64 GB — about 50 GB usable

The tier where the Mac starts to look like a mid-range GPU box, without the fan noise that comes with one.

  • Quality: Llama-3.3-70B-Instruct-4bit (~40 GB), the reference for general writing and reasoning. Mistral-Large-2-123B only fits at 3-bit quantization and gets tight.
  • Speed without sacrificing much quality: Qwen3-30B-A3B-Instruct-4bit (MoE; takes ~17 GB but only activates ~3B parameters per token), 50-60 tok/s on M4 Max. The model that changes how this tier feels in daily use.
  • Realistic multi-model: 70B chat + Qwen2.5-VL-32B-4bit (~18 GB) + embeddings + reranker, with LRU moving things around when memory tightens.

128 GB — about 110 GB usable

This is where things fit that don’t fit on any reasonable consumer NVIDIA hardware. The “I bought a Mac instead of building a server” argument starts to stand on its own here.

  • Top quality: Mistral-Large-2-123B-Instruct-4bit (~70 GB) is the clear pick for general reasoning. DeepSeek-V3-MoE in aggressive quantization fits (~80 GB). Qwen3-235B-A22B-4bit pushes 140 GB; 3-bit is more realistic at the cost of some quality.
  • Speed: same MoE pattern (30B-A3B or equivalent) if you want low-latency agent loops.
  • Serious multi-model: 123B chat + a 70B alternative under LRU + Qwen2.5-VL-72B-4bit (~40 GB) for vision. Three large models loaded simultaneously with SSD cache for the cold ones is realistic on this tier.

Expected throughput (M4 Max, single user, 4k context)
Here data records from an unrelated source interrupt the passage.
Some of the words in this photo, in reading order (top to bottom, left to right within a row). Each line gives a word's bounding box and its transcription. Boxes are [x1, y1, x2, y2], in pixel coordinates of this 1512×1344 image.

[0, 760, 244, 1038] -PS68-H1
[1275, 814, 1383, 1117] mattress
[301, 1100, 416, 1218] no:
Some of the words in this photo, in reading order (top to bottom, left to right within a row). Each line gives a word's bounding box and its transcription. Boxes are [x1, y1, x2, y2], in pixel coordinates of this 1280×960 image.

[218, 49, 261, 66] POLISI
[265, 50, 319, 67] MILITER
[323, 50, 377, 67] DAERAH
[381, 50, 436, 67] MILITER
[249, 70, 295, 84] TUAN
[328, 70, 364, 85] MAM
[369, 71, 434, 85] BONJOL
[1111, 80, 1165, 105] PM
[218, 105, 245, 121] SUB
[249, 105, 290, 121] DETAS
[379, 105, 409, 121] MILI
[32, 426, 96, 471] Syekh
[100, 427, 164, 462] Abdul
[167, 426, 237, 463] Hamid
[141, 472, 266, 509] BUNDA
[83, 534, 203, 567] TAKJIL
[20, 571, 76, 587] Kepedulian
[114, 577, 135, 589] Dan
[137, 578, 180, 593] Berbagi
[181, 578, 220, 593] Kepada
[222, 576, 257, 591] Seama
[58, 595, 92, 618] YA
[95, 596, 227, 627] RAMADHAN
Order-of-magnitude reference for dense 4-bit models: 14B around 50-70 tok/s, 32B around 25-35, 70B around 10-15, 123B around 6-9. MoE architectures (30B-A3B, 235B-A22B) tend to run like a dense model of their active size (~3B and ~22B respectively), so a 30B-A3B sustains 50-60 tok/s. On M4 Pro, trim those numbers by 30 to 40% on memory bandwidth alone; on M4 base, nearly half. M5 is expected to land 10 to 25% faster at the same tier, and the gain is more visible on prefill than on decode.

What oMLX is not yet

This is a young project. v0.3.8 is not v1.0. The instance ships with no out-of-the-box auth (you leave it listening on localhost or front it with a reverse proxy and basic auth), no native OTEL integration for metrics and traces, and it is not designed for multi-tenancy. If you come from enterprise with compliance on top, those layers are on you.
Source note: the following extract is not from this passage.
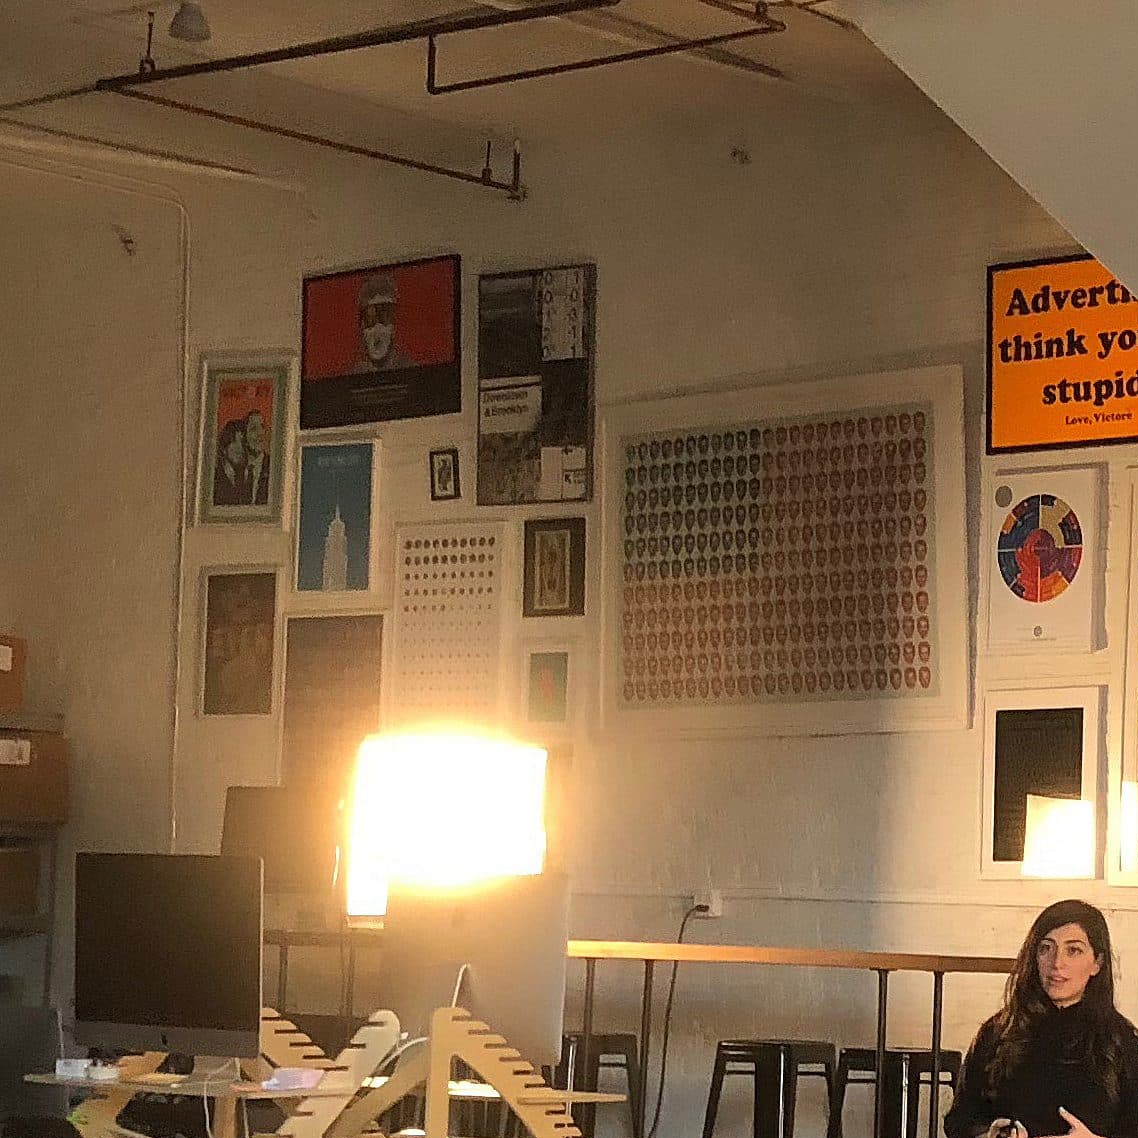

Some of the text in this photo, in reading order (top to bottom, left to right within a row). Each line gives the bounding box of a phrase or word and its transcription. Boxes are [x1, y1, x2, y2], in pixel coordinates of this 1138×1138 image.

Another point: GGUF. If your current collection is GGUF files downloaded over the last year, oMLX cannot eat them. Either you convert to MLX (there are upstream scripts for popular models) or you stick with Ollama. Conversion is not trivial for exotic architectures or custom tokenizers, and it is worth checking the mlx-community repo on Hugging Face before converting anything by hand.

And, obviously, Mac. There is no Linux or Windows build. If your dev laptop is a Mac and your home server is a Linux box with NVIDIA, the oMLX binary will not serve the second one. You will end up running two different runtimes for the two worlds.

Where this fits for jacar.es readers

For a founder or CTO with an M3/M4 Mac who wants to try local AI before committing to dedicated infrastructure, the answer is yes. It saves you setting up Docker, configuring Open WebUI and exposing behind Traefik, which are the steps the Ollama + Llama 3.3 on Ubuntu tutorial covers once you have decided it is worth it. oMLX is step zero: check on your own laptop whether the open models are good enough before putting a GPU in production.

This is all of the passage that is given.